Tokenize string based on delimiter in Elastic search


I need to tokenize string 36-3031.00|36-3021.00 to 36-3031.00 and 36-3021.00 using | delimiter.

I have tried like this,

PUT text
{
   "test1": {
  "settings": {
    "analysis" : {
            "tokenizer" : {
                "pipe_tokenizer" : {
                    "type" : "pattern",
                    "pattern" : "|"
                }
            },
            "analyzer" : {
                "pipe_analyzer" : {
                    "type" : "custom",
                    "tokenizer" : "pipe_tokenizer"
                }
            }
        }
  },
  "mappings": {
    "mytype": {
      "properties": {
        "text": {
          "type": "string",
          "analyzer": "pipe_analyzer"
        }
      }
    }
  }
}}

But it does't produce exact. Can anyone sort out this use case ?


Solution

  • The following is the correct mapping you should use (including the index name in the REST PUT command).
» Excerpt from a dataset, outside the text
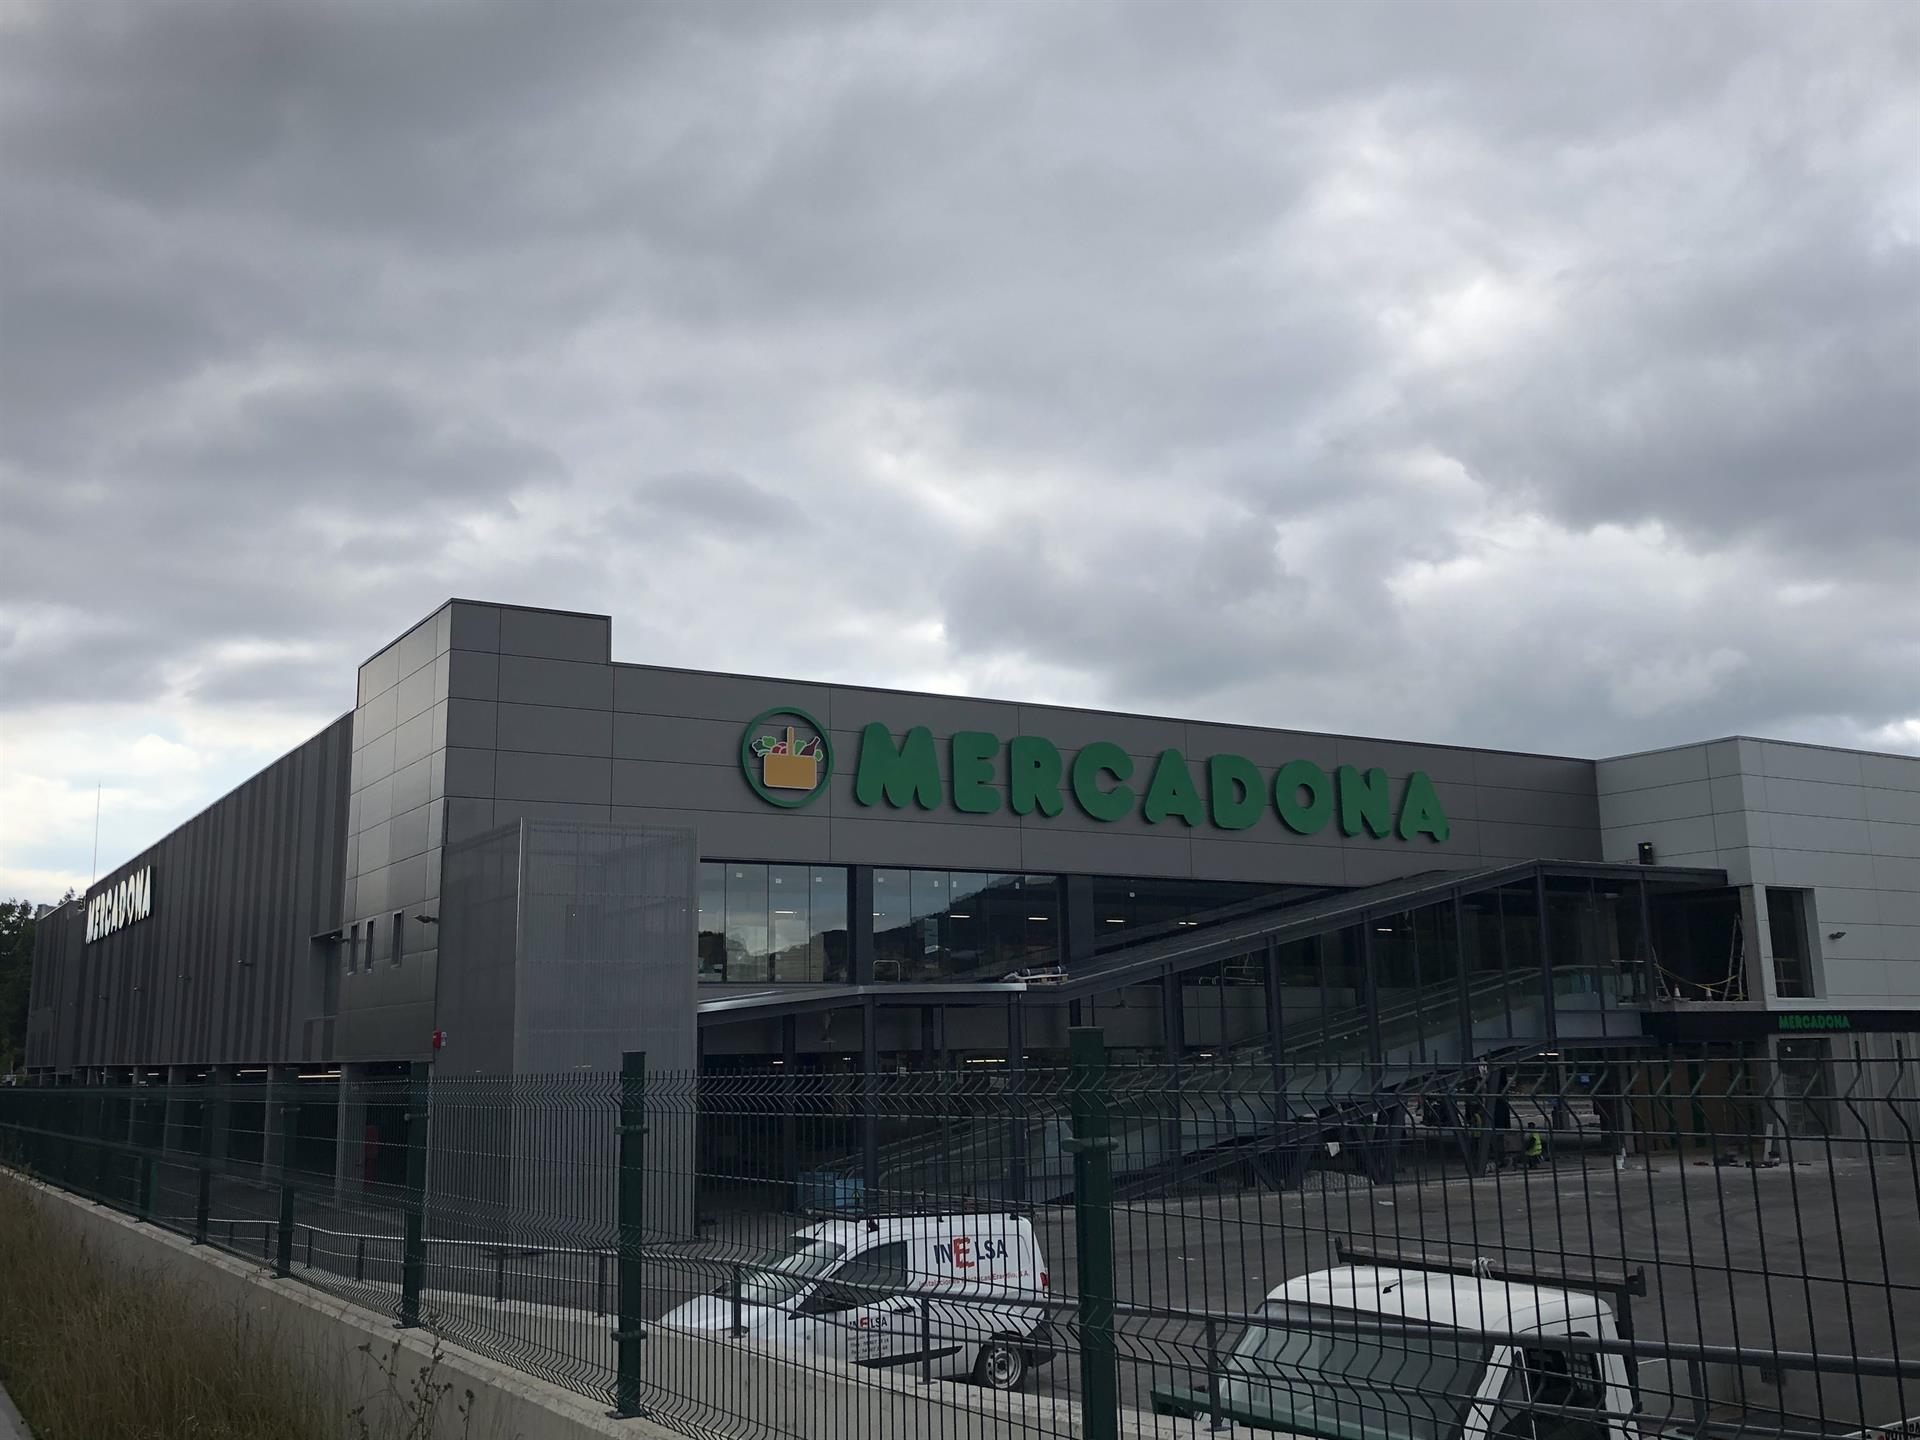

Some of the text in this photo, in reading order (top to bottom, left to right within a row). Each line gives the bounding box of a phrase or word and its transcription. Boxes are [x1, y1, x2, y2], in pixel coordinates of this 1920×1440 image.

And the | character needs to be escaped:

    DELETE test1
    PUT test1
    {
      "settings": {
        "analysis": {
          "tokenizer": {
            "pipe_tokenizer": {
              "type": "pattern",
              "pattern": "\\|"
            }
          },
          "analyzer": {
            "pipe_analyzer": {
              "type": "custom",
              "tokenizer": "pipe_tokenizer"
            }
          }
        }
      },
      "mappings": {
        "mytype": {
          "properties": {
            "text": {
              "type": "string",
              "analyzer": "pipe_analyzer"
            }
          }
        }
      }
    }
    
    POST /test1/mytype/1
    {"text":"36-3031.00|36-3021.00"}
    
    GET /test1/_analyze
    {"field":"text","text":"36-3031.00|36-3021.00"}